ACTIVITY: Repeat, word for word, each of the records shown below, without their pictures.

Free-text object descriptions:
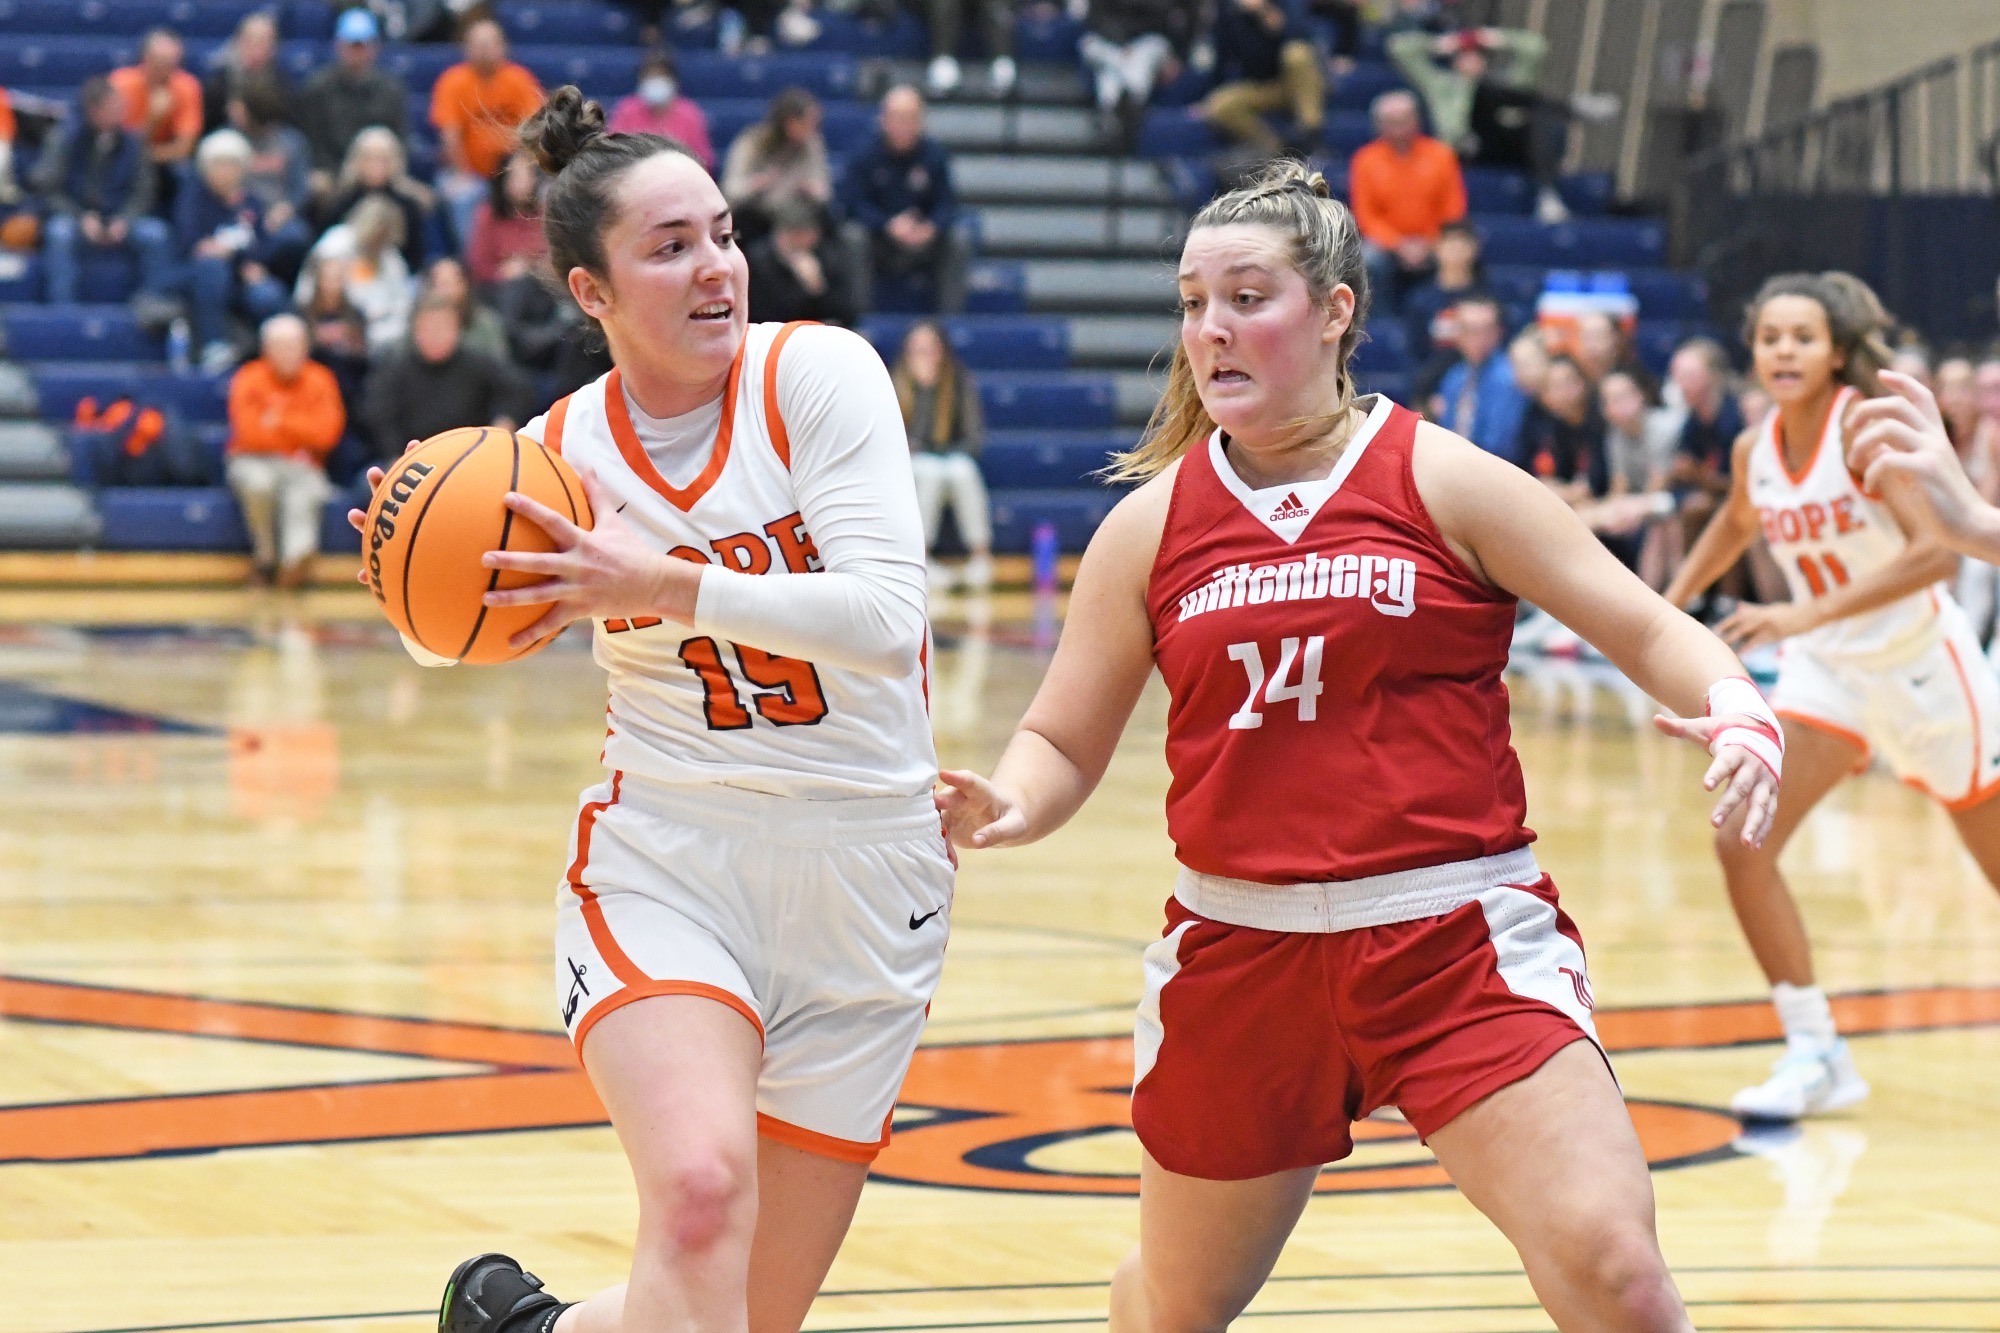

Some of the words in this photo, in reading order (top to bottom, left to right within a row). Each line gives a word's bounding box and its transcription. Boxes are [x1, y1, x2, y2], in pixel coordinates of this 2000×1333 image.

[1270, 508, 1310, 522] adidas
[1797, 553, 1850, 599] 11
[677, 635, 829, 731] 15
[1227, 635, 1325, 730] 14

SOLUTION TO THIS EXERCISE:
Some of the words in this photo, in reading order (top to bottom, left to right within a row). Each line gives a word's bounding box and its transcription. Boxes are [x1, y1, x2, y2], in pixel coordinates of this 2000×1333 image.

[1270, 508, 1310, 522] adidas
[1797, 553, 1850, 599] 11
[677, 635, 829, 731] 15
[1227, 635, 1325, 730] 14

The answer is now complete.